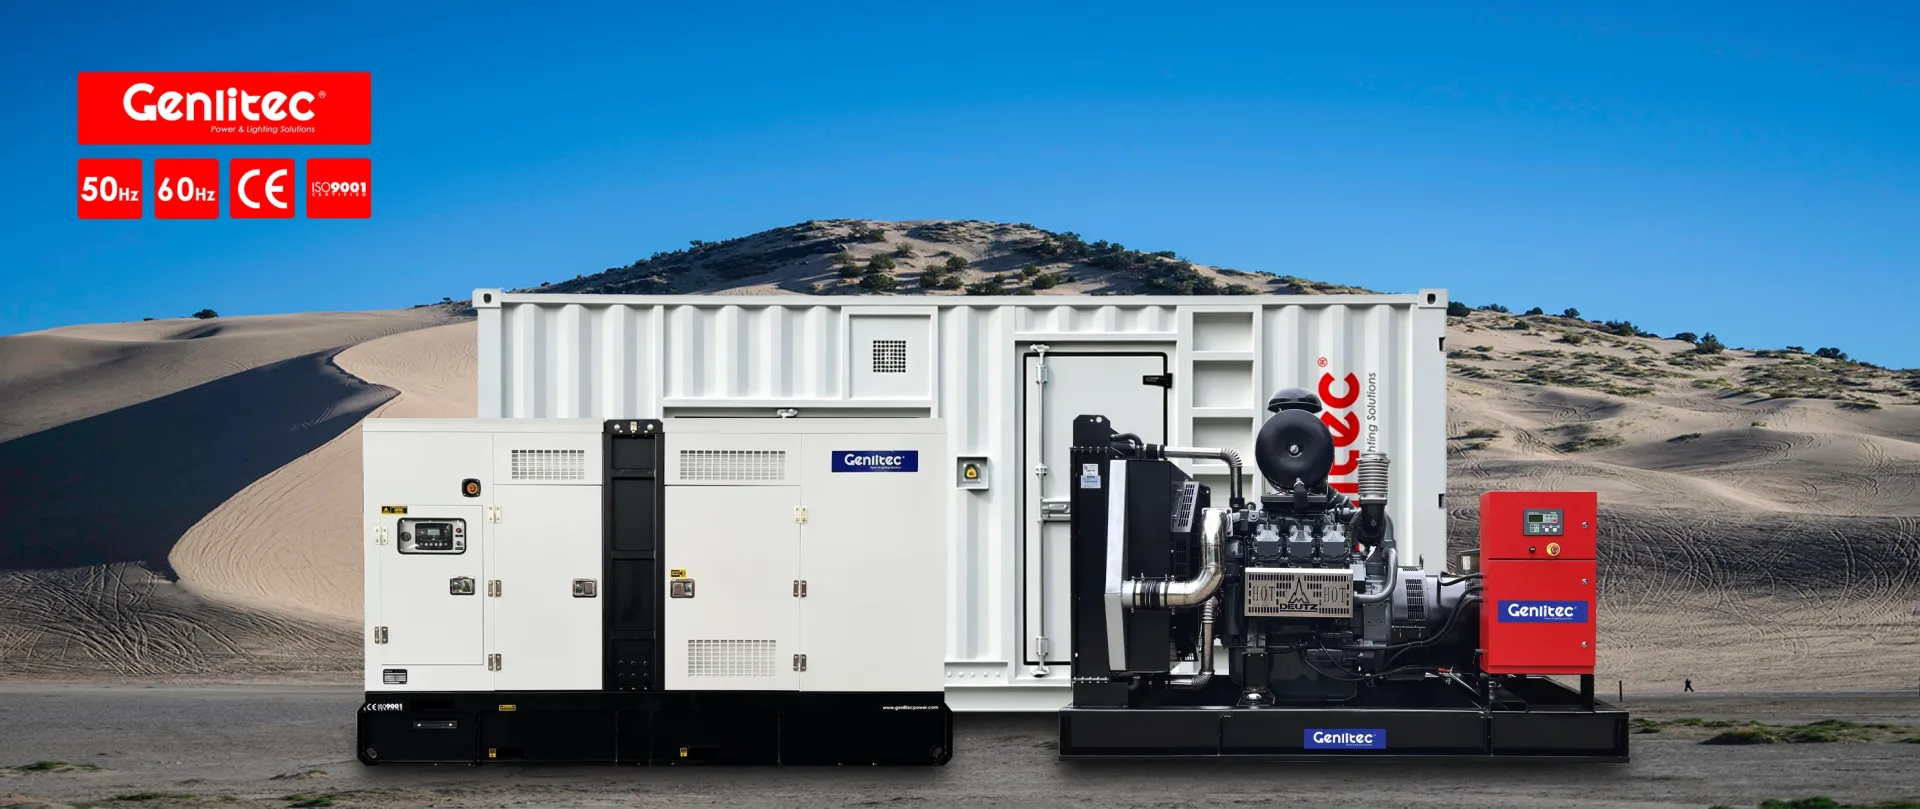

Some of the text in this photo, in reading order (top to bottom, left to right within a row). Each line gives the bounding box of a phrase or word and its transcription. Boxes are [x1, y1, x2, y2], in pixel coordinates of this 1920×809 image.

[1366, 372, 1377, 421] Solutions
[844, 453, 902, 466] Genlitec
[1252, 586, 1276, 602] HOT
[1323, 587, 1346, 602] HOT
[1507, 603, 1574, 617] Genlitec
[1313, 731, 1373, 744] Genlitec
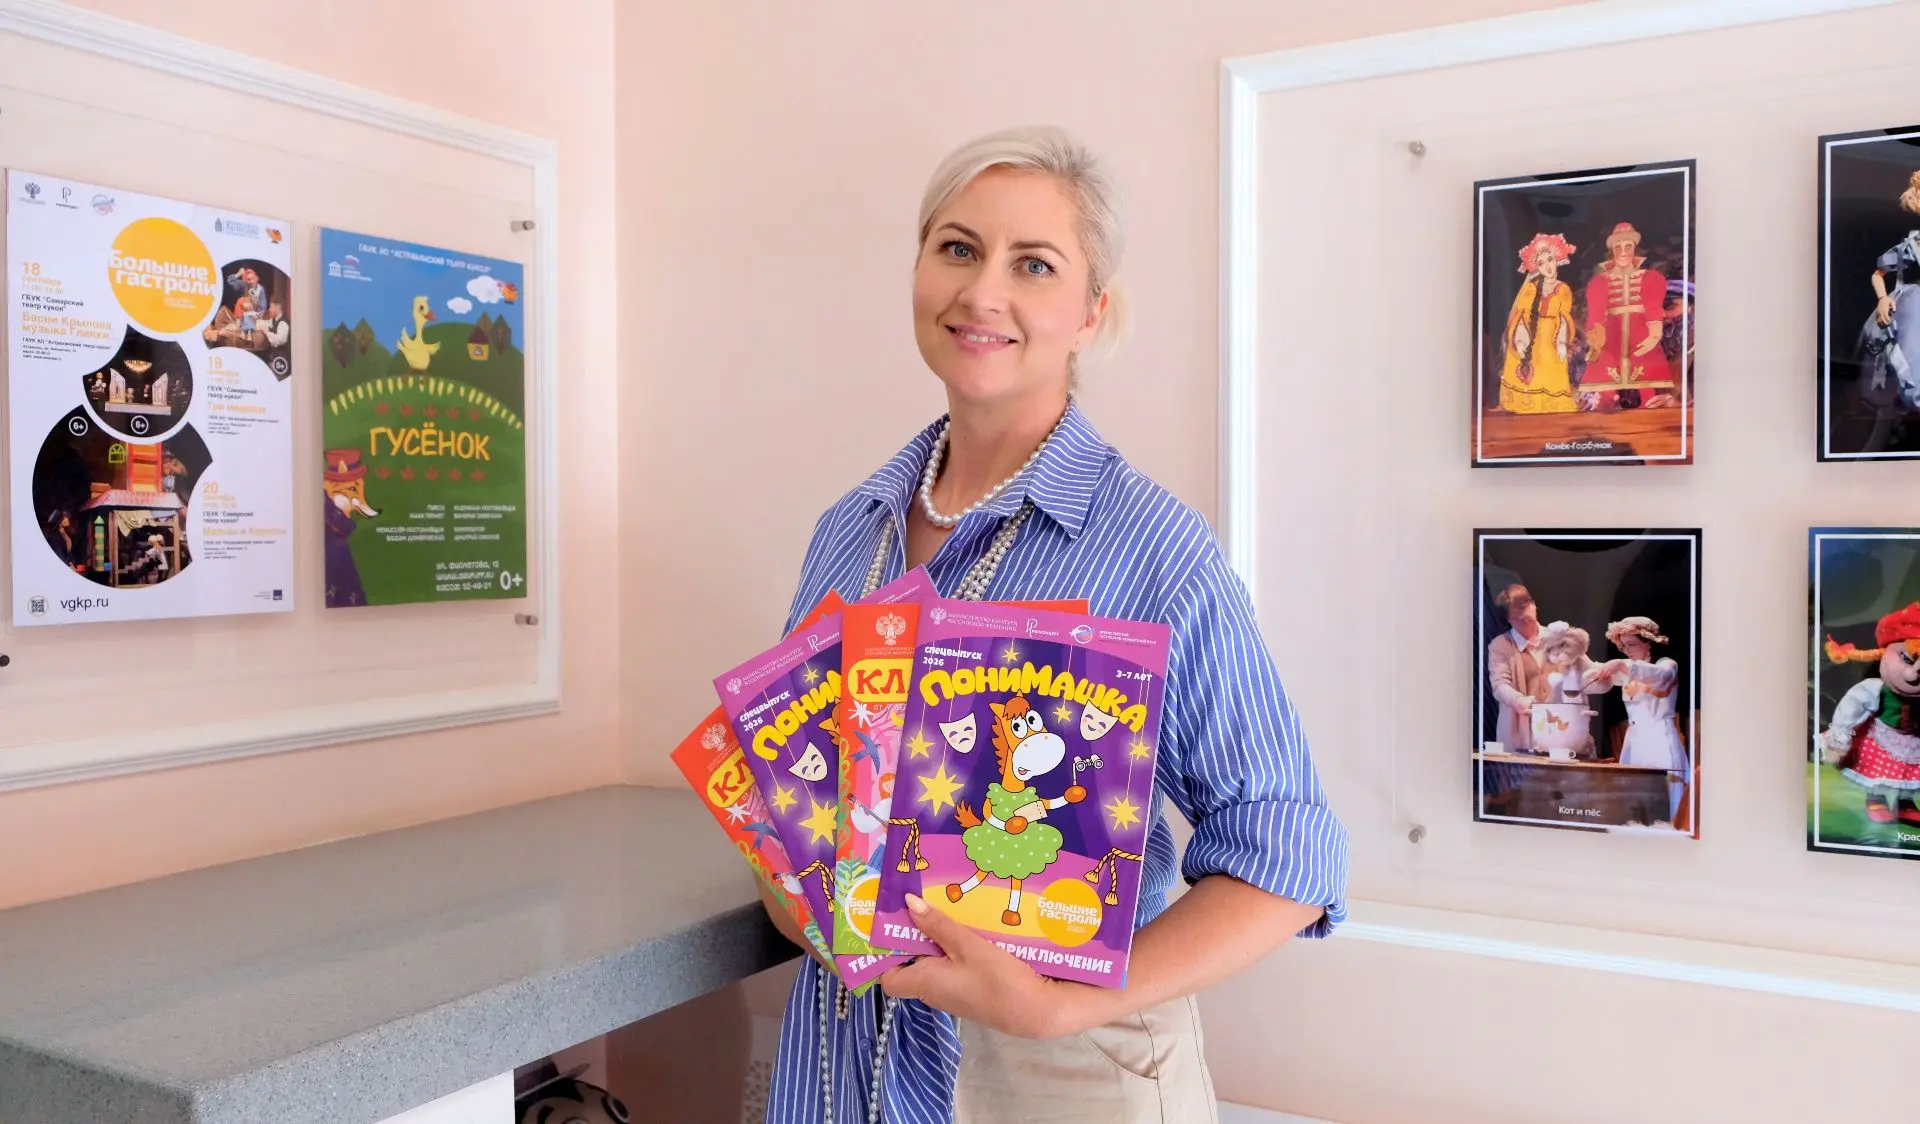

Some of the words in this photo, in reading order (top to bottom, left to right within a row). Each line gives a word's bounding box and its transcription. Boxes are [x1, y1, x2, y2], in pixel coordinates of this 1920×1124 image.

══════════

**TASK TO COMPLETE**. The data must be repeated exactly. Any pictures in it are to be left out.

**SOLUTION FOR THIS EXERCISE**.
Some of the text in this photo, in reading order (top to bottom, left to right within a row). Each line gives the bounding box of a phrase or word and its transcription. Boxes are [x1, y1, x2, y2], in pixel coordinates of this 1920×809 image.

[1366, 372, 1377, 421] Solutions
[844, 453, 902, 466] Genlitec
[1252, 586, 1276, 602] HOT
[1323, 587, 1346, 602] HOT
[1507, 603, 1574, 617] Genlitec
[1313, 731, 1373, 744] Genlitec

Some of the words in this photo, in reading order (top to bottom, left to right within a row). Each line gives a word's bounding box and its transcription. Boxes are [x1, y1, x2, y2], in pixel coordinates of this 1920×1124 image.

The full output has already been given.